The fundamental architectural role of hierarchies in cross modal sensory integration suggests that amodal concepts at higher levels in a hierarchy should generate multimodal predictions and associated prediction errors. This rather obvious observation fits comfortably with the formal similarities between mismatch or prediction error responses in the auditory domain and equivalent responses in the visual domain. Indeed, Cheung and Bar (2012-this issue) provide a compelling analysis of prediction and generative modelling from the point of view of visual research in cognitive neuroscience. The mechanistic implications of the visual mismatch negativity are explored in Kimura (2012-this issue) who lends this interpretation a validity, in terms of things such as representational momentum and perceptual sequence learning. Crucially, Kimura invokes “a bi-directional cortical network that includes the visual extra striate in prefrontal areas”:

The notion of bi-directional message passing in cortical networks is a key tenet of predictive coding. For those readers not familiar with neuronal implementations of predictive coding, it is remarkably simple: Current thinking is that the representations of the causes of sensory inputs (for example an object in the field of view or an auditory object) are encoded at multiple hierarchical levels by the activity of deep pyramidal cells that send backward projections to lower cortical levels. These backward projections preferentially target superficial layers in the cortex that house superficial pyramidal cells thought to report prediction errors. Prediction errors are simply the difference between the representations encoded at any level in the hierarchy and the top-down predictions generated by the brain's internal model. The formation of prediction errors rests upon simple synaptic mechanisms, where the predictions inhibit prediction error units (polysynaptically), while the representational units being predicted excite them. The resulting activity in superficial pyramidal cells is then passed through forward extrinsic connections to adjust representational units at higher levels. This reciprocal message passing proceeds until prediction error is minimised throughout all levels of the hierarchy; thereby affording a Bayes-optimal representation of sensory causes at multiple levels of description. Fig. 1 illustrates this scheme.

Fig. 1.

Fig. 1

This figure illustrates the neuronal architectures that might implement predictive coding and active inference. The left panel shows a schematic of predictive coding schemes in which Bayesian filtering is implemented by neuronal message passing between superficial (red) and deep (black) pyramidal cells encoding prediction errors and conditional predictions or estimates respectively (Mumford 1992). In these predictive coding schemes, top-down predictions conveyed by backward connections are compared with conditional expectations at the lower level to form a prediction error. This prediction error is then passed forward to update the expectations in a Bayes-optimal fashion. In active inference, this scheme is extended to include classical reflex arcs, where proprioceptive prediction errors drive action — a (alpha motor neurons in the ventral horn of the spinal-cord) to elicit extrafusal muscle contractions and changes in primary sensory afferents from muscle spindles. These suppress prediction errors encoded by Renshaw cells. The right panel presents a schematic of units encoding conditional expectations and prediction errors at some arbitrary level in a cortical hierarchy. In this example, there is a distinction between hidden states xx that model dynamics and hidden causes xv that mediate the influence of one level on the level below. The equations correspond to a generalized Bayesian filtering or predictive coding in generalized coordinates of motion as described in (Friston, 2010). In this hierarchical form f(i) : = f(xx(i)xv(i)) corresponds to the equations of motion at the i-th level, while g(i) : = g(xx(i)xv(i)) link levels. These equations constitute the agent's prior beliefs. D is a derivative operator and Π(i) represents precision or inverse variance. These equations were used in the simulations presented in the next figure.

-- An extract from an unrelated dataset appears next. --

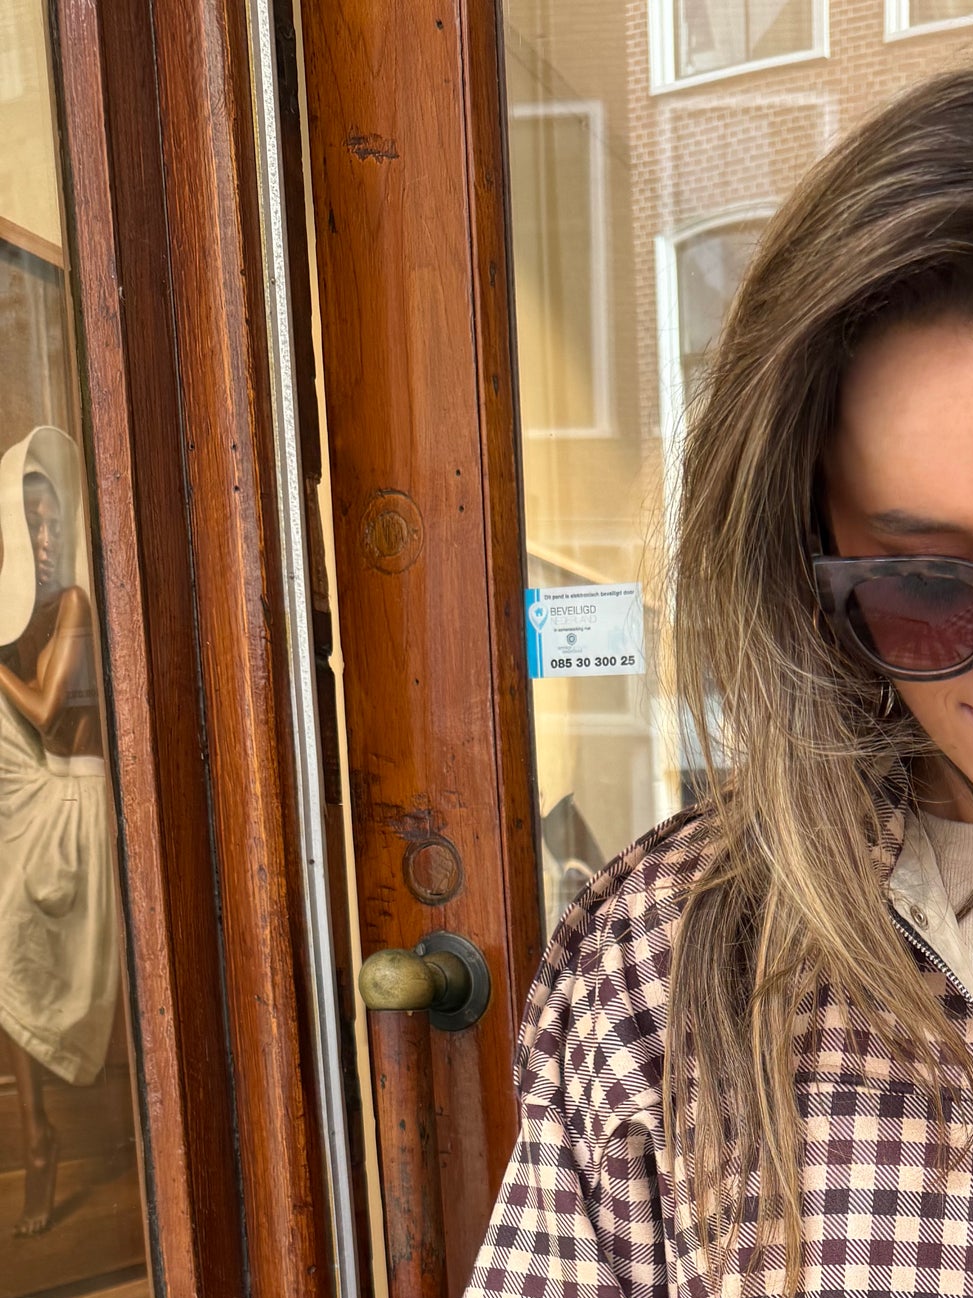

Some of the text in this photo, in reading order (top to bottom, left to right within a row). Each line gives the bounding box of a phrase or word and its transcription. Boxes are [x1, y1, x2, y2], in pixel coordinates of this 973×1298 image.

[550, 605, 597, 616] BEVEILIGD
[551, 655, 635, 669] 085 30 300 25

Interestingly, given the focus of this special issue on event related potentials, the superficial pyramidal cells thought to report prediction errors are exactly the same cell populations that predominate in non-invasive electromagnetic recordings. In other words, the explanation of a mismatch negativity in terms of prediction error has a high degree of biological plausibility, under these predictive coding schemes. A key aspect of hierarchical representations or generative models is exemplified in the papers on music perception. As noted by Rohrmeier and Koelsch (2012-this issue), “It is well understood that constant predictive activity is indispensable and vital for survival”. This constancy speaks to multiple temporal scales and a separation of those scales in a hierarchical setting. This is illustrated nicely in Schwartze et al. (2012-this issue) who describe “a model of temporal processing in audition and speech that involves a division of labour between the cerebellum and the basal ganglia in tracing acoustic events in time”. In their model, they assign the cerebellum a special role in modelling temporal structure with a high temporal precision, while the basal ganglia-thalamo-cortical system evaluates slower “longer range” temporal structure. This “division of labour” is exactly the same in formal models of predictive coding. In these models, high level central pattern generators (that exhibit winnerless competition) provide the slower temporal structure that guides faster dynamics controlling the amplitude and frequency modulation of predicted acoustic input (Kiebel et al., 2009). Although “fully fledged music prediction cannot be modelled at present” (Rohrmeier and Koelsch, 2012-this issue) both simulations of this sort and the empirical evidence that they review, shed light on the nature of “interactive predictive mechanisms”.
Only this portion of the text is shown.